What is required: Would you copy, word for word, each line from the one with "Some of the text" to the end of the listing below, skipping all pictures?

Extracted data:
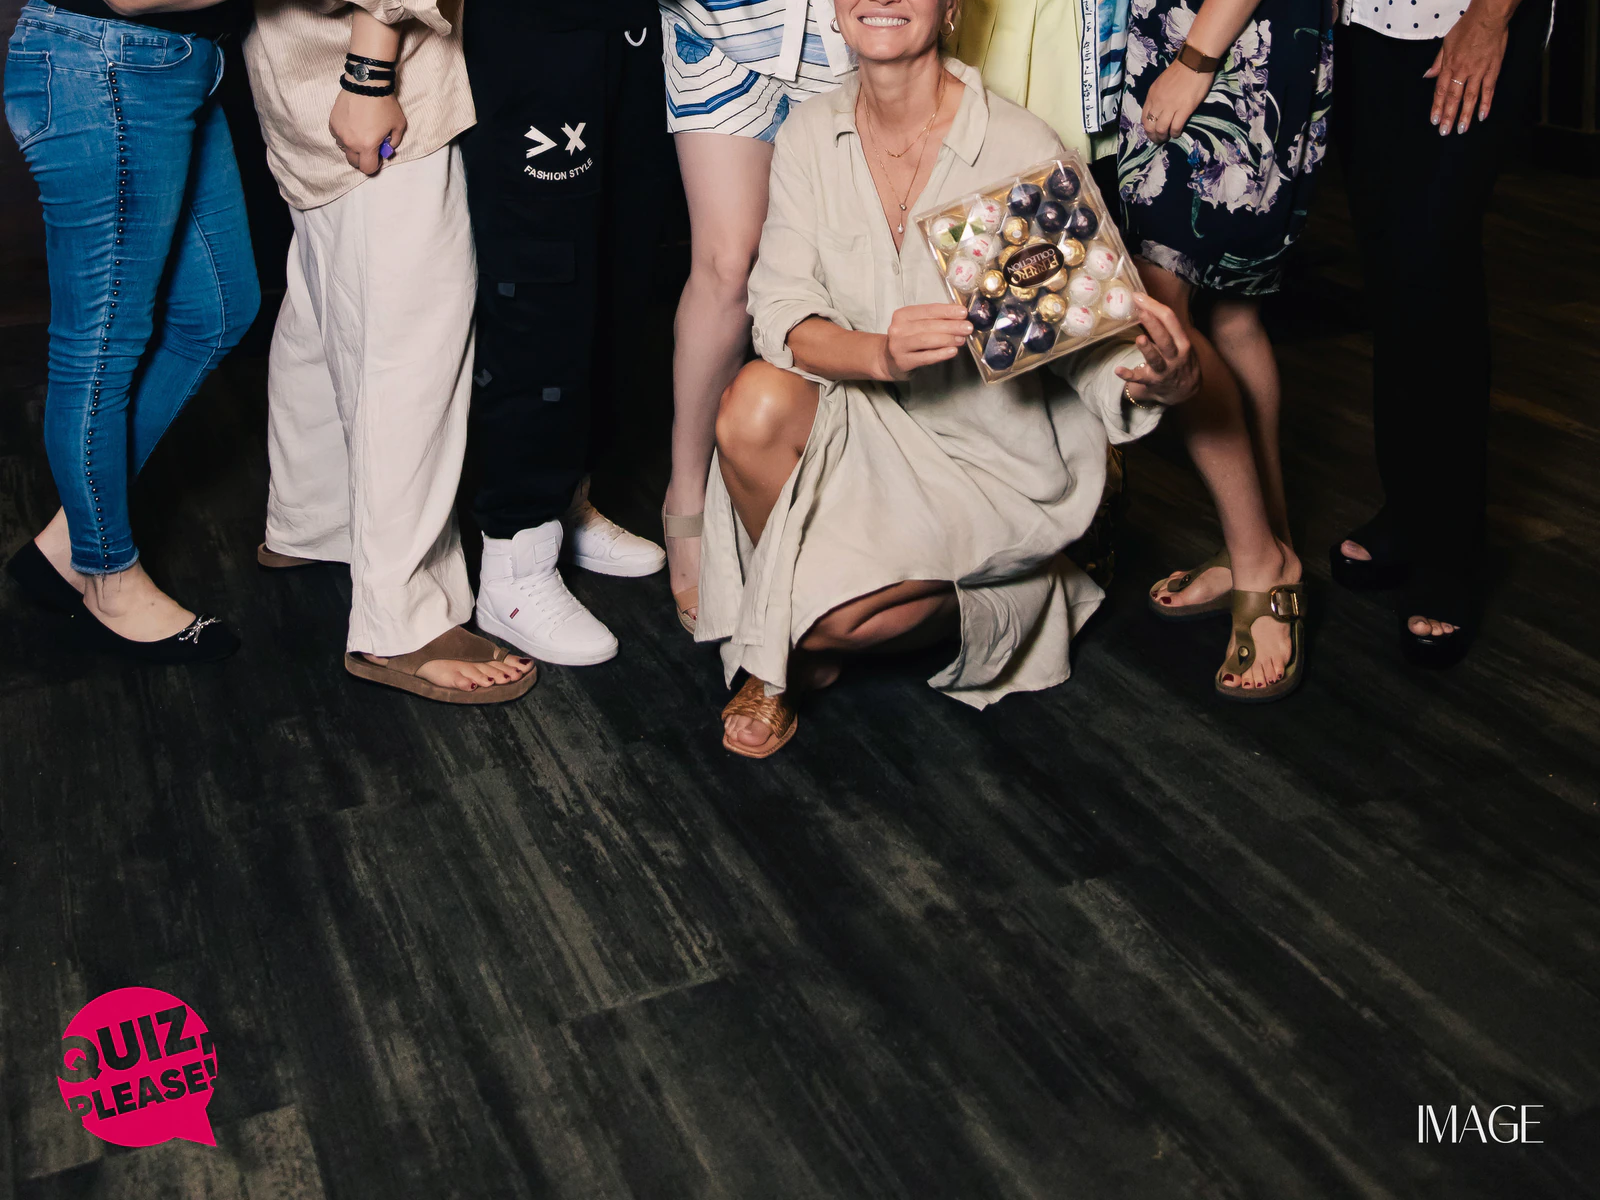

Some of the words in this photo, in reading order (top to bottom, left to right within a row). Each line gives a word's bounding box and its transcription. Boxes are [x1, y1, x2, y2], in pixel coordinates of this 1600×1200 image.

[523, 165, 567, 181] FASHION
[569, 157, 594, 178] STYLE
[1006, 248, 1055, 274] COLLECTION
[1010, 254, 1060, 284] FERRERO
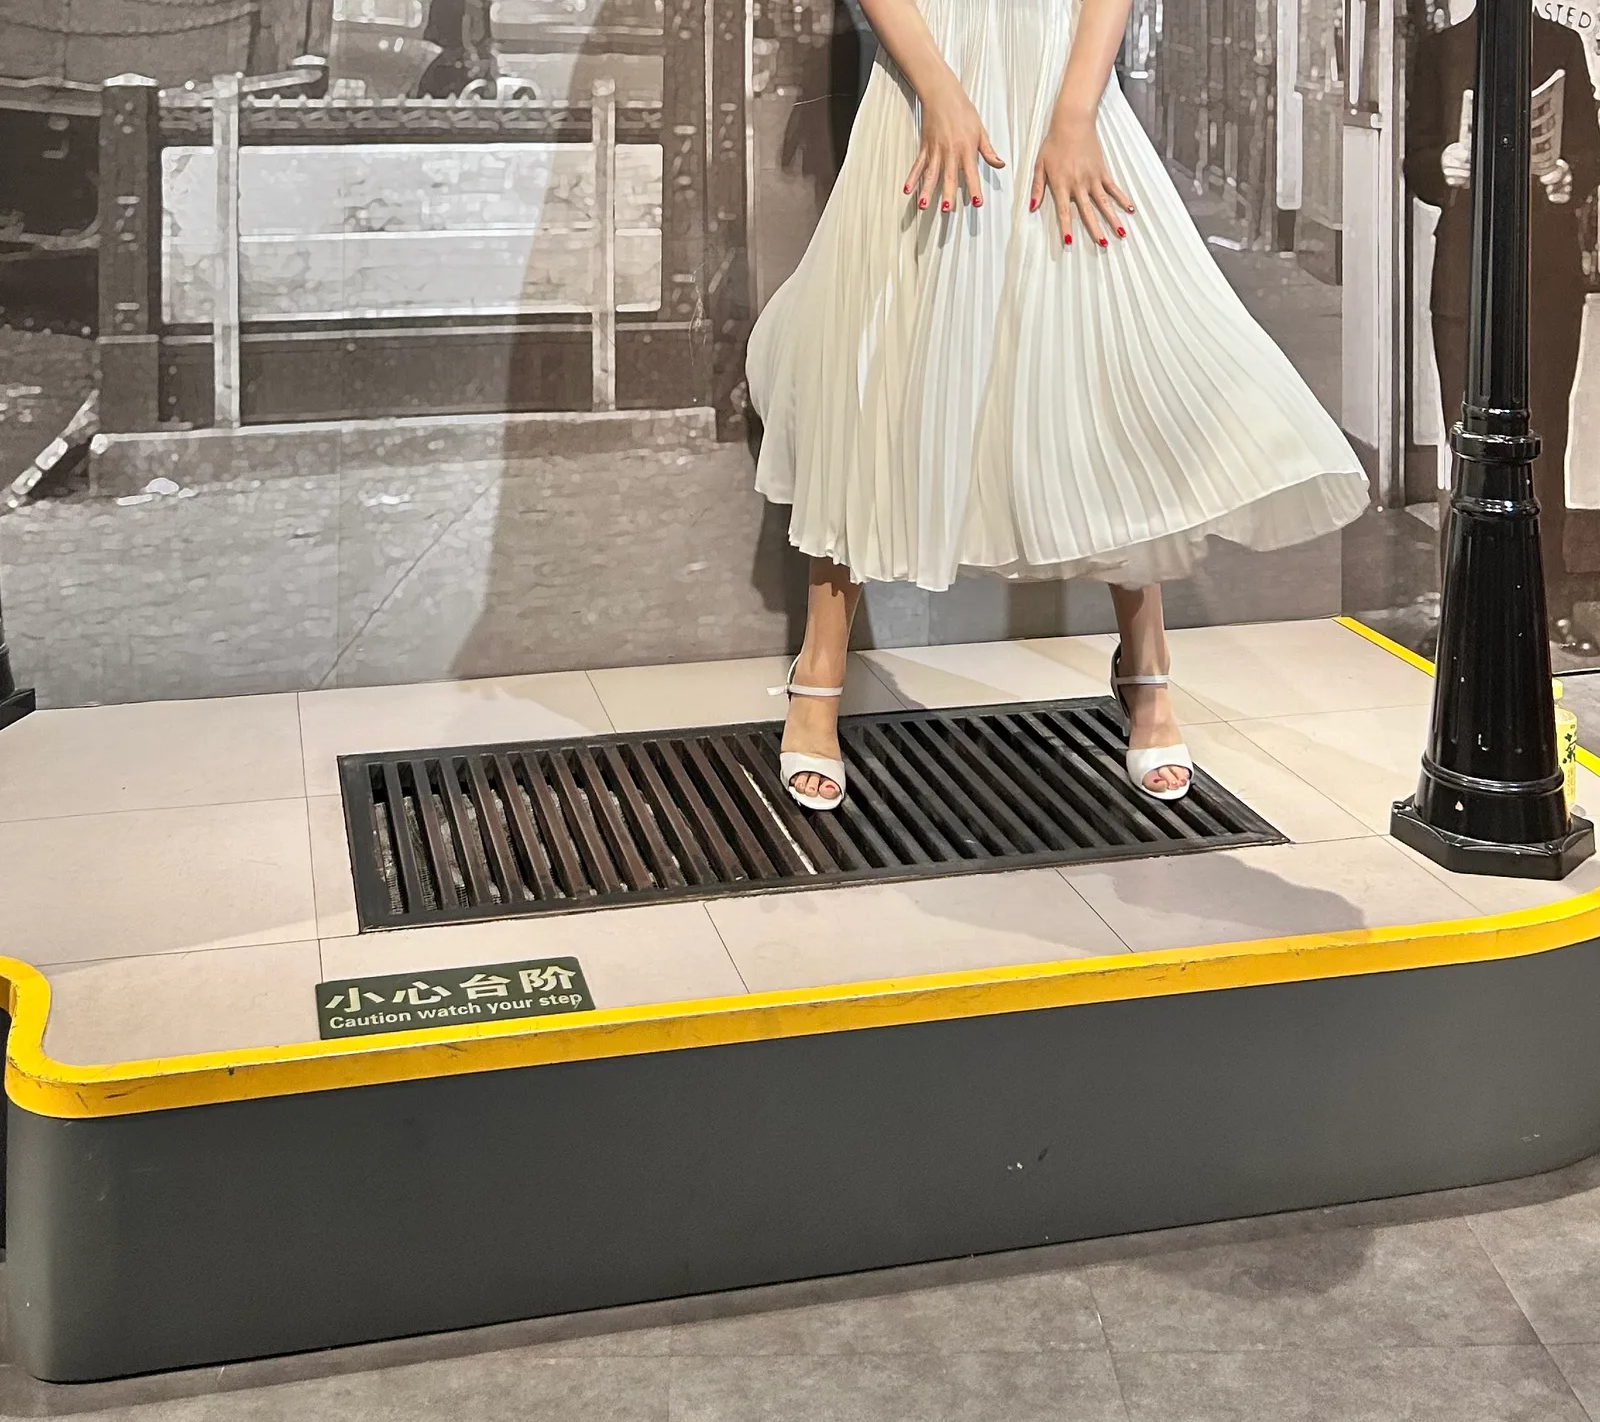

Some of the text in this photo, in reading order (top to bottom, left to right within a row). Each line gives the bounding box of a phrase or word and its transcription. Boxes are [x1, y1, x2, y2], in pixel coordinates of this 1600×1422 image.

[325, 965, 577, 1013] 小心台阶
[329, 993, 583, 1029] Caution watch your step
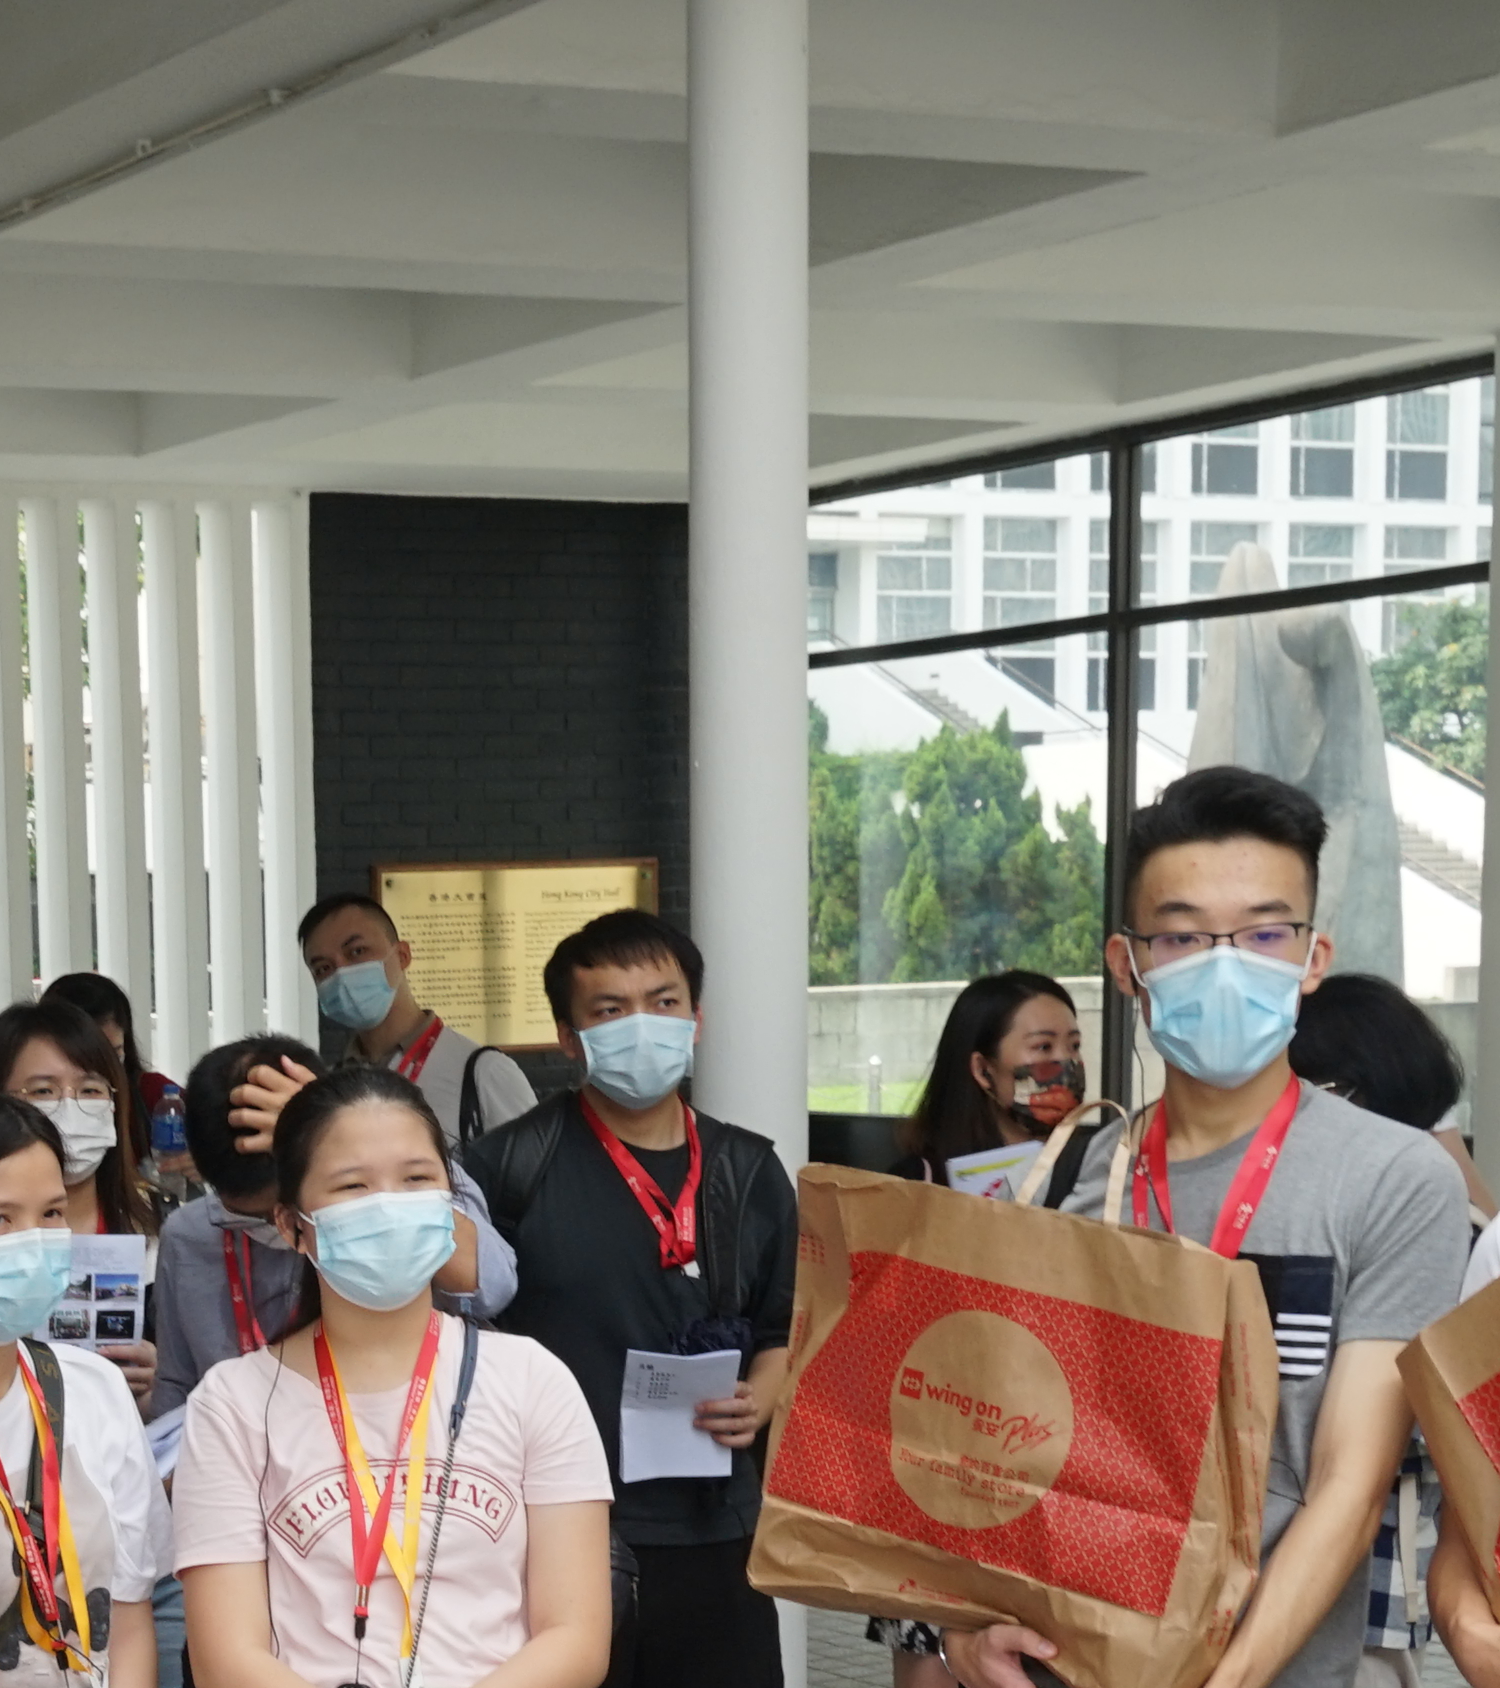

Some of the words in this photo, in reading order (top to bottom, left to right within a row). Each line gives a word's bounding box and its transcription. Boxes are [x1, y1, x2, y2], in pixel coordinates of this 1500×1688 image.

[926, 1384, 973, 1417] wing
[976, 1401, 1002, 1421] on
[981, 1477, 1026, 1498] store

Output of the task:
Some of the text in this photo, in reading order (top to bottom, left to right within a row). Each line gives the bounding box of a phrase or word and its transcription. Boxes are [x1, y1, x2, y2], in pixel coordinates of this 1600×1422 image.

[325, 965, 577, 1013] 小心台阶
[329, 993, 583, 1029] Caution watch your step

Some of the words in this photo, in reading order (top to bottom, left to right within a row). Each line gives a word's bounding box and its transcription. Boxes are [x1, y1, x2, y2], in pixel coordinates of this 1500×1688 image.

[926, 1384, 973, 1417] wing
[976, 1401, 1002, 1421] on
[981, 1477, 1026, 1498] store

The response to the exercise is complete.